Figure 4. The PI3K pathway controls γδT17 development.

(A and B) TCR-induced Akt phosphorylation in thymic γδT cells from Zap70^–/– or Sykb^–/– mice. Histograms show staining profiles of p-Akt in cells from WT (black lines) and mutant (red lines) mice, overlaid with nonstimulated profiles (shaded) after a 1-minute stimulation (A). MFI relative to nonstimulated controls (B).

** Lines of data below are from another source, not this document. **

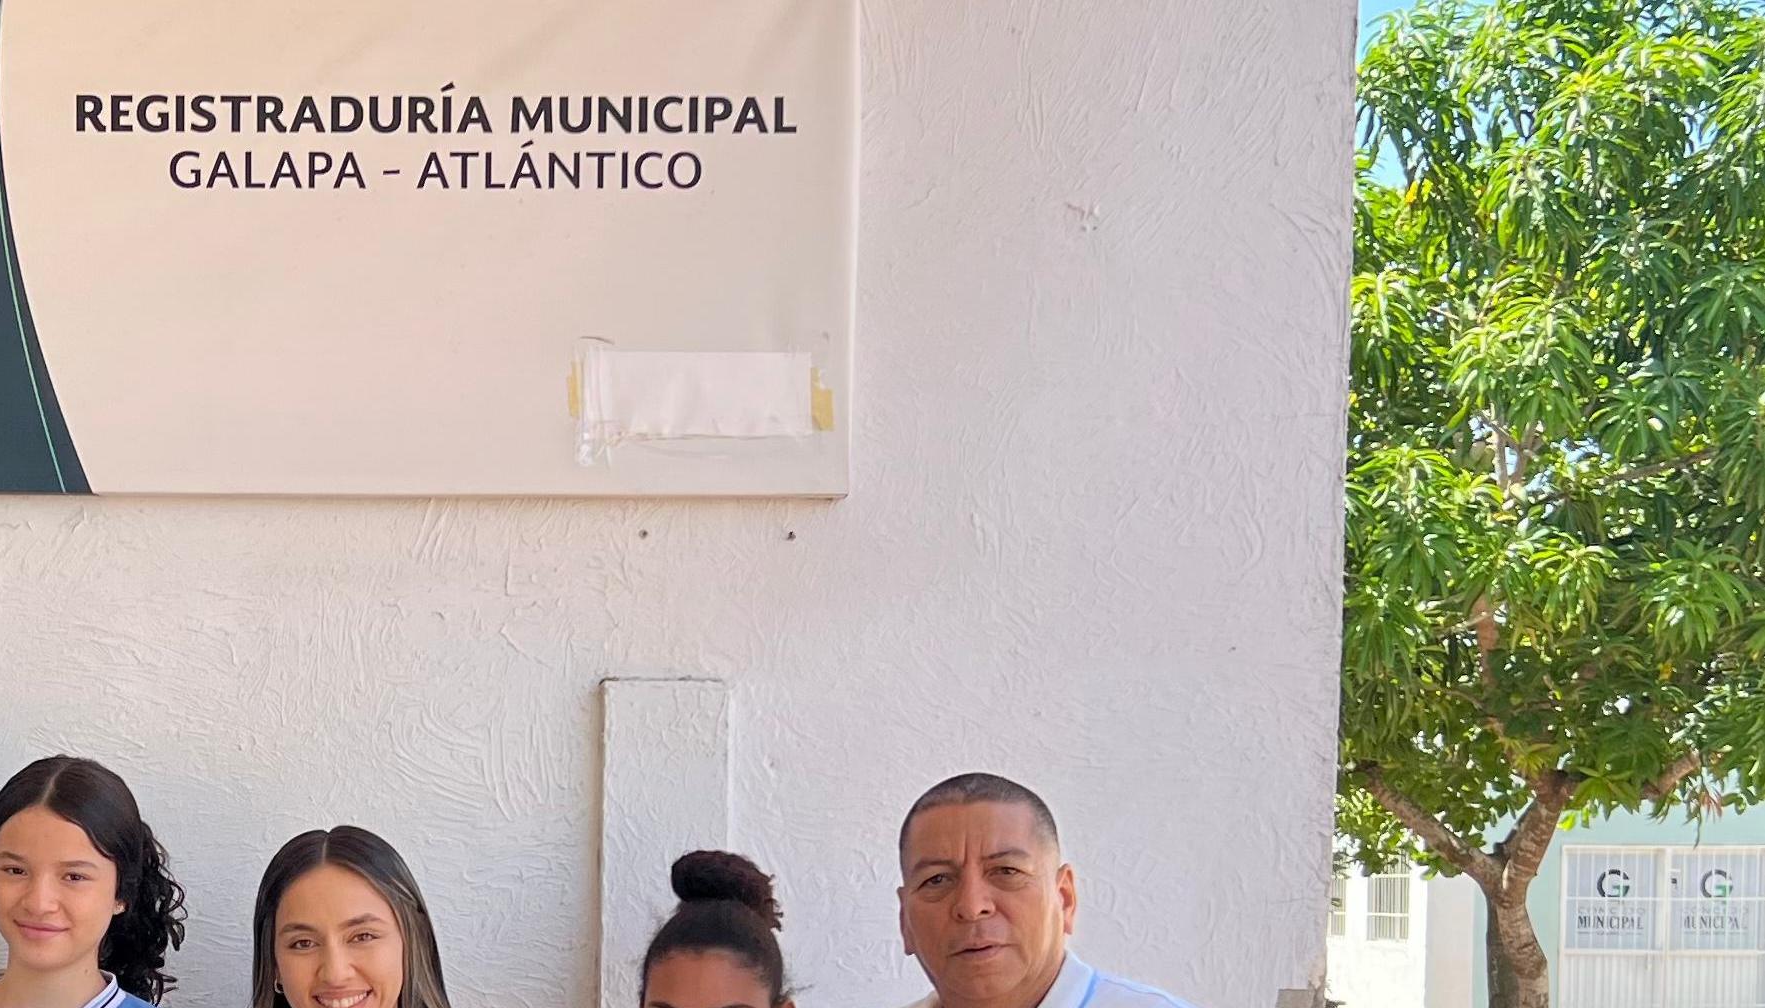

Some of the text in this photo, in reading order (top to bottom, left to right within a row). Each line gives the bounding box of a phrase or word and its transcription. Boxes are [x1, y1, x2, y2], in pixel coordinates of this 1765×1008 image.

[75, 81, 798, 135] REGISTRADURÍA MUNICIPAL
[168, 150, 367, 190] GALAPA
[416, 139, 703, 190] ATLÁNTICO
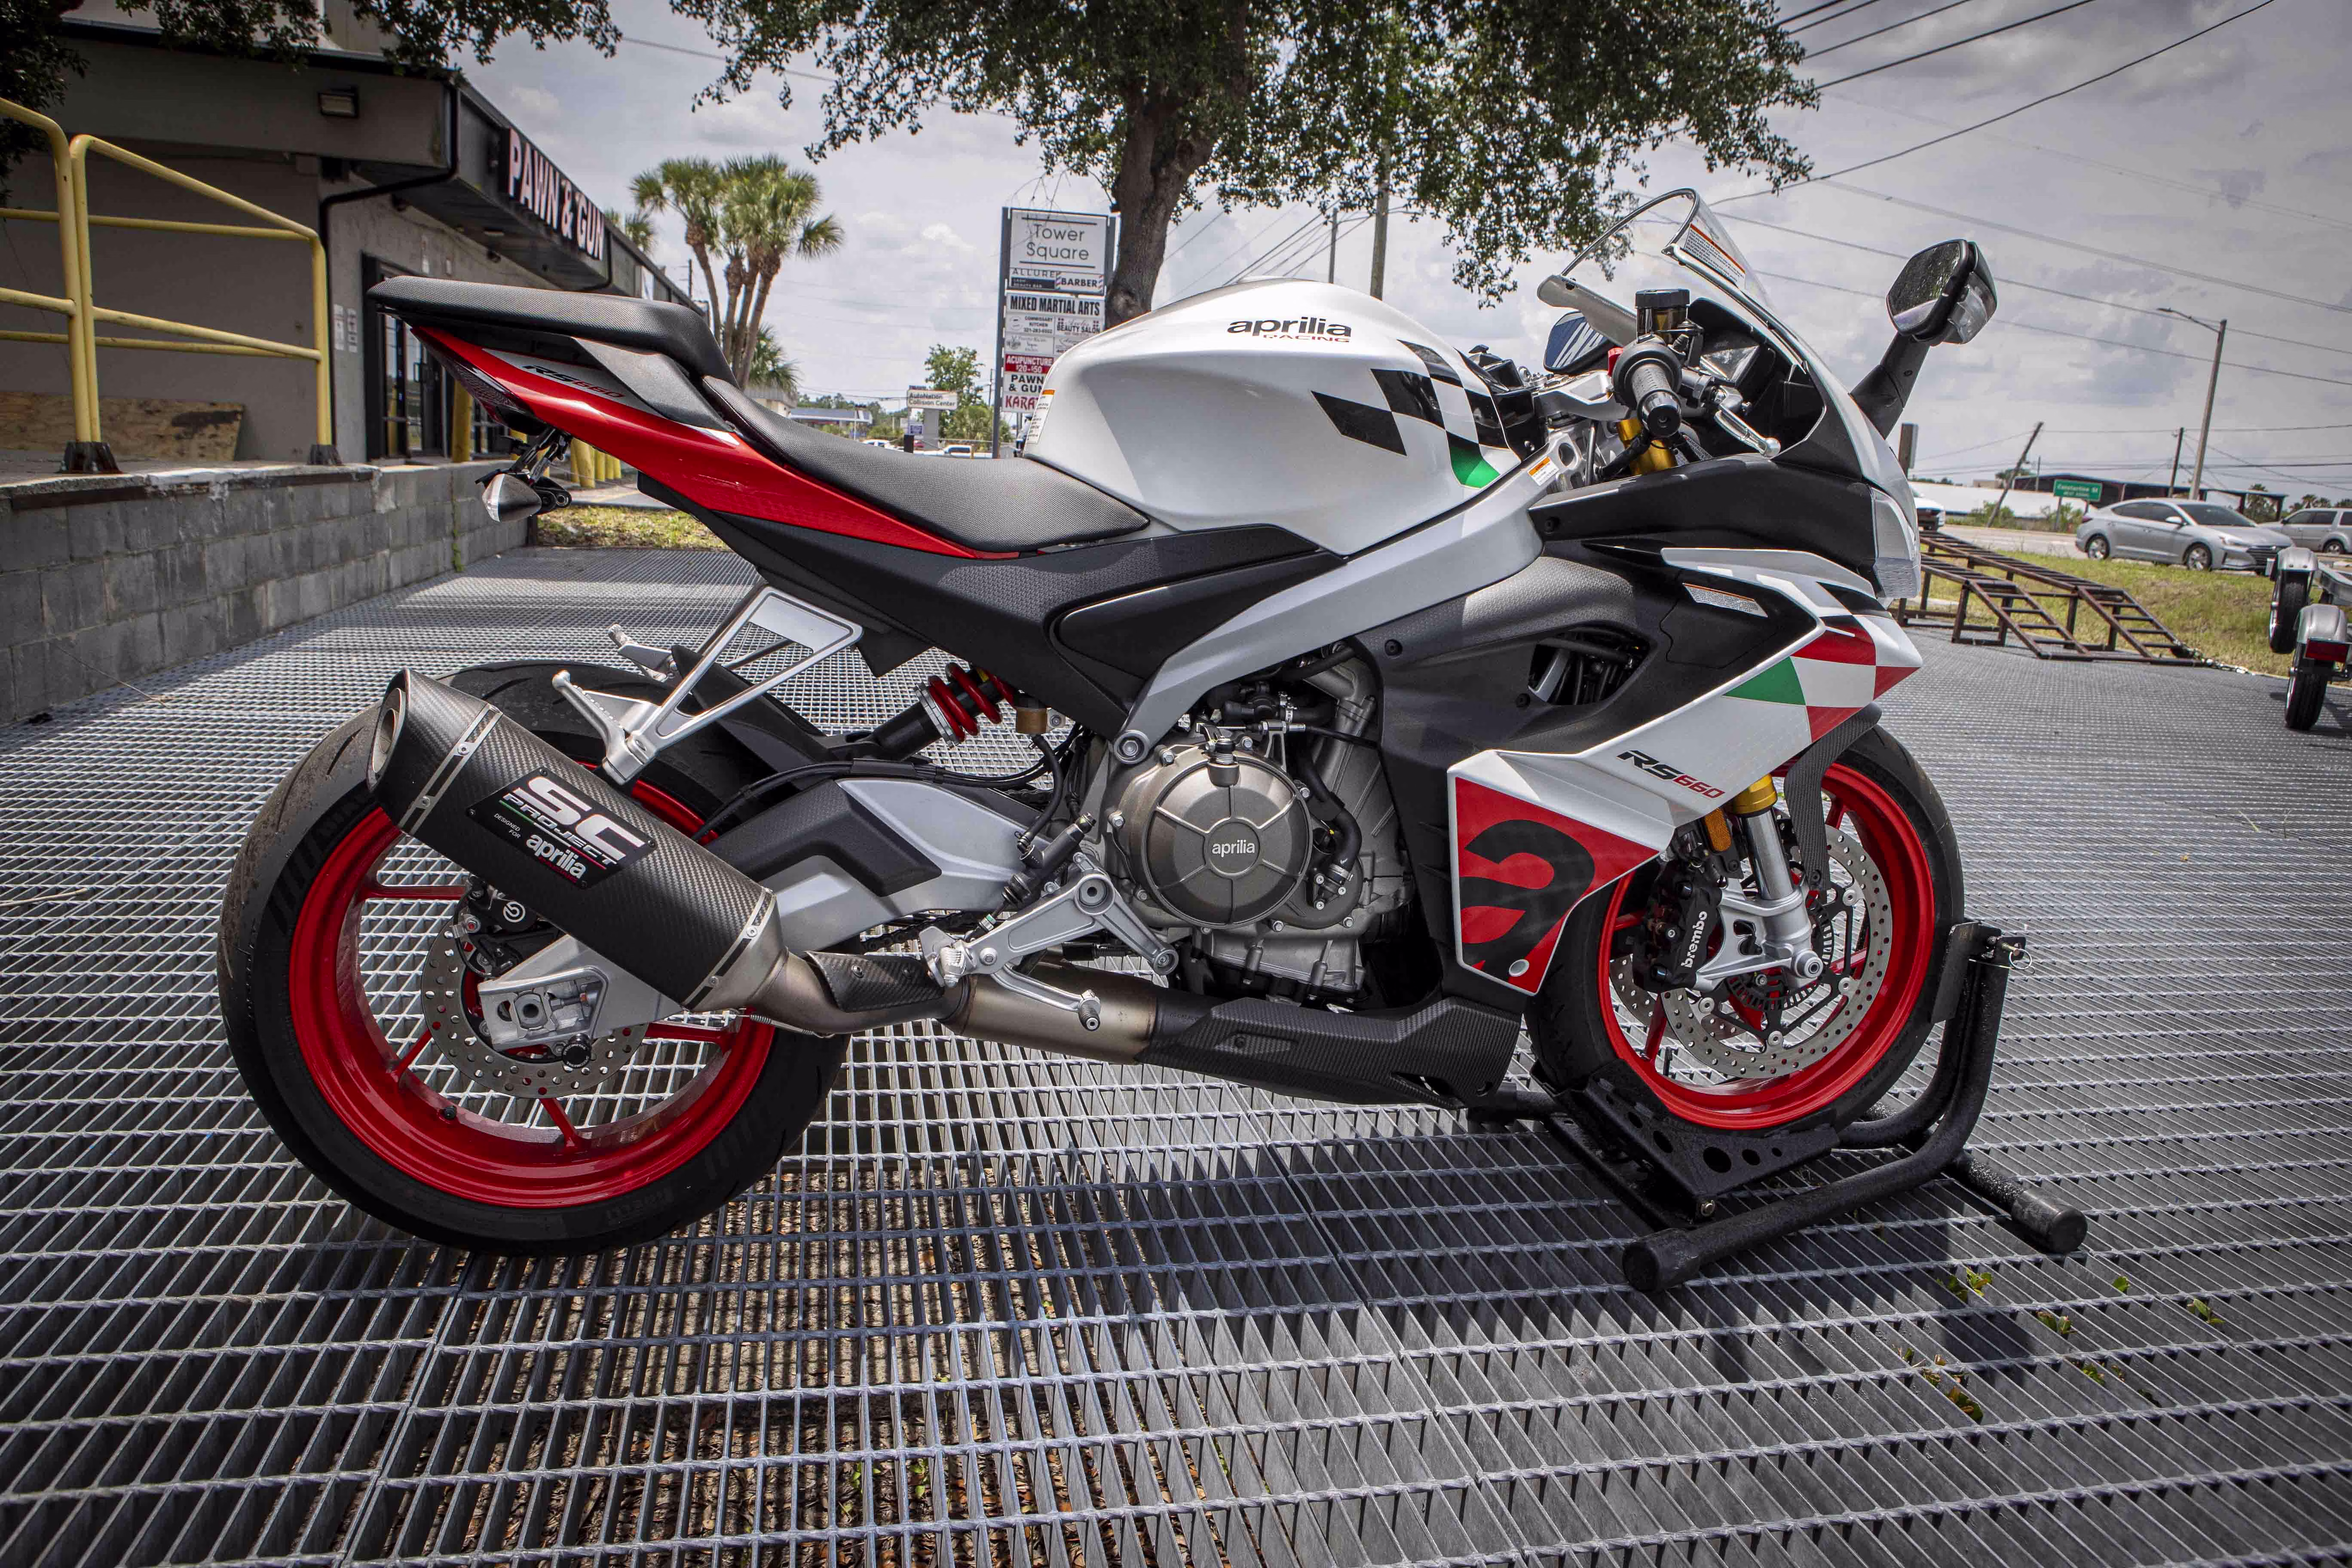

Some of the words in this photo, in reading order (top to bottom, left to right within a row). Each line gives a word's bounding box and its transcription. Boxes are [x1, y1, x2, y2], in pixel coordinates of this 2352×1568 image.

[509, 127, 559, 229] PAWN
[561, 181, 573, 239] &
[576, 194, 604, 261] GUN
[1033, 223, 1085, 242] Tower
[1026, 242, 1089, 260] Square
[1012, 268, 1057, 278] ALLURE
[1062, 278, 1097, 287] BARBER
[1010, 295, 1037, 311] MIXED
[1039, 297, 1076, 315] MARTIAL
[1078, 301, 1100, 316] ARTS
[1057, 324, 1079, 332] BEAUTY
[1227, 317, 1352, 337] aprilia
[1263, 334, 1351, 343] RACING
[1006, 355, 1053, 365] ACUPUNCTURE
[523, 365, 626, 398] RS660
[1009, 383, 1017, 392] &
[1011, 374, 1044, 384] PAWN
[1005, 395, 1039, 410] KARA
[1616, 750, 1725, 799] RS660
[494, 813, 521, 831] DESIGNED
[512, 777, 644, 860] SC
[503, 793, 617, 865] PROJECT
[509, 829, 521, 839] FOR
[526, 834, 586, 879] aprilia
[1212, 839, 1255, 858] aprilia
[1681, 911, 1707, 968] brembo
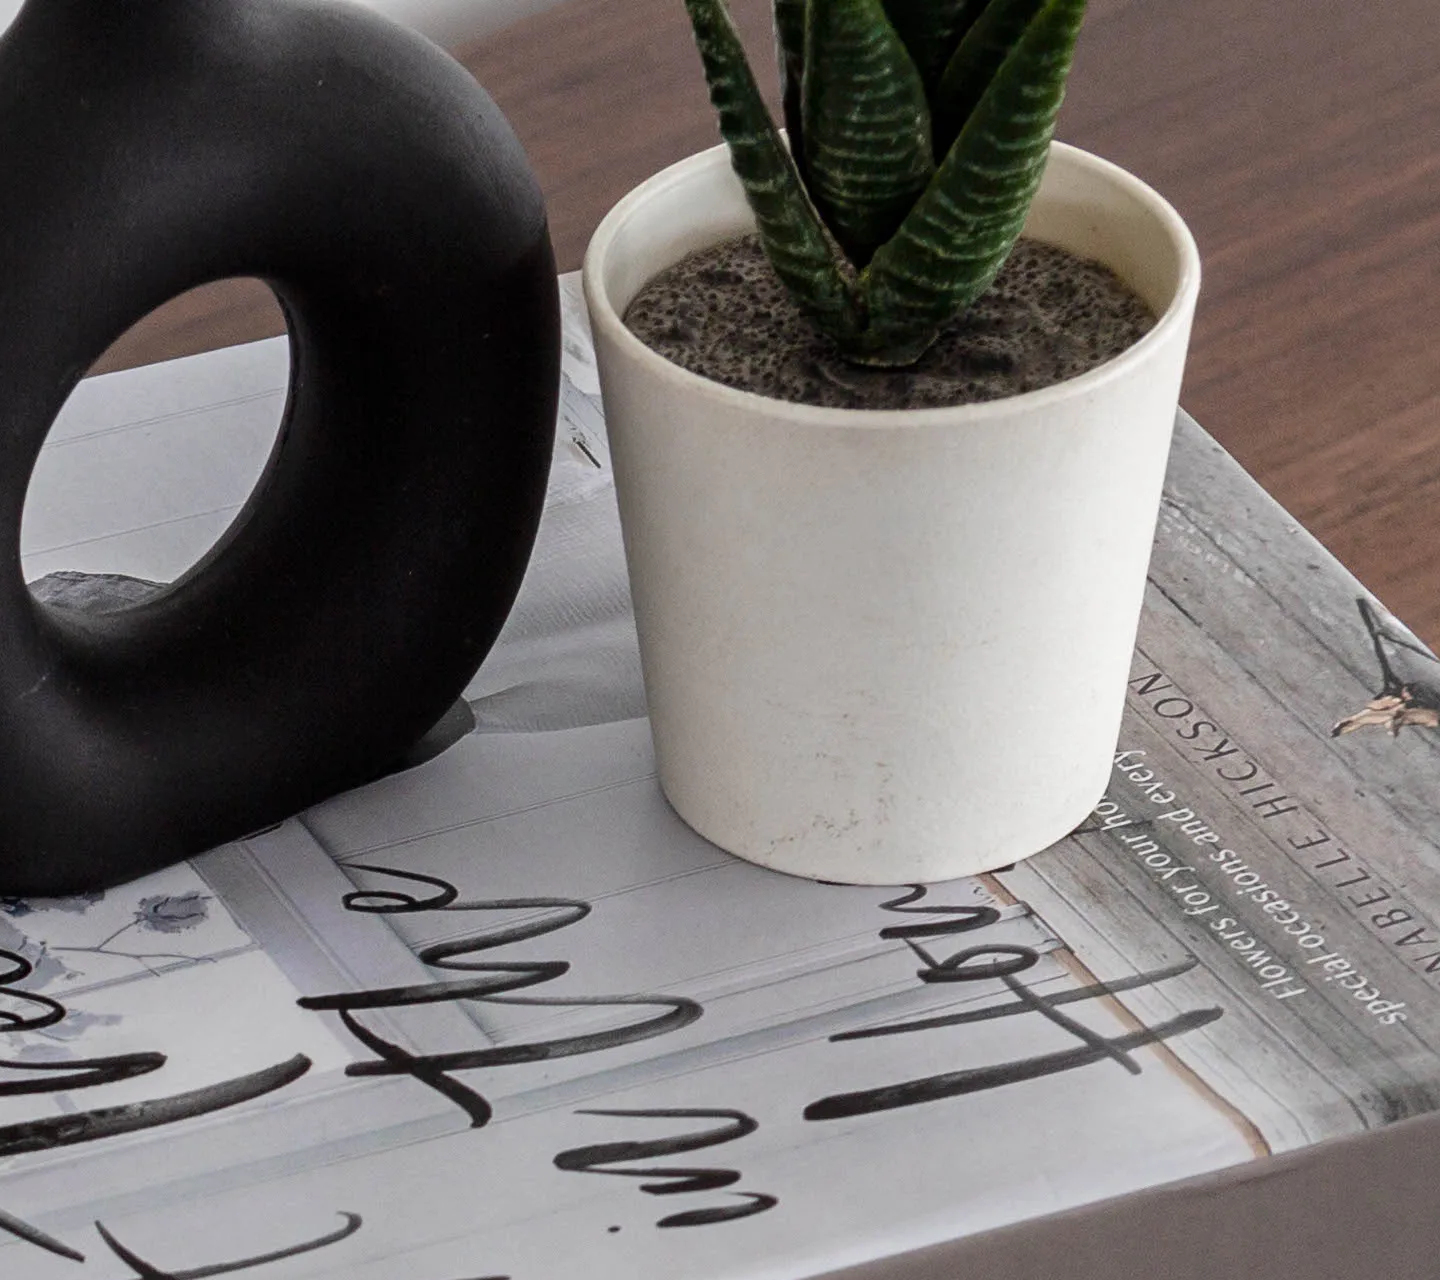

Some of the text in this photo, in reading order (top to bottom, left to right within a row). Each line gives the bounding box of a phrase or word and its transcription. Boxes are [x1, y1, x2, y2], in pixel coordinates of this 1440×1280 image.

Thymocytes from adult Zap70^–/– mice (n = 3) and neonatal Sykb^–/– mice (n = 4) were used. (C–G) E15.5 fetal thymus from WT mice was cultured with vehicle alone (DMSO, 0.01%), IC87114 (1 μM), or SF1670 (2.5 μM) for 7 days (n = 5–11). (C) Flow cytometric profiles for CD3ε and TCRδ expression and absolute number of γδT cells. (D) Intracellular staining profiles for IL-17A production in γδT cells and absolute number of IL-17A–producing γδT cells (per lobe). (E) Intracellular staining profiles for RORγt expression in γδT cells and frequency of RORγt⁺ γδT cells. (F) Intracellular staining profiles for IFN-γ production in γδT cells and absolute number of IFN-γ–producing γδT cells (per lobe). (G) mRNA expression of Rorc, Sox13, and Sox4 in isolated γδT cells. Gene expression was normalized to β-actin (Actb) mRNA. (H) Number of Vγ4⁺ and Vγ6⁺ γδT cells. Data represent the mean ± SEM. *P < 0.05 and **P < 0.01, by unpaired t test (B and G) and 1-way ANOVA (C–F and H). Data represent 2 independent experiments (A and B) or a single experiment (G), or the combined results of 2 independent experiments (C–F and H).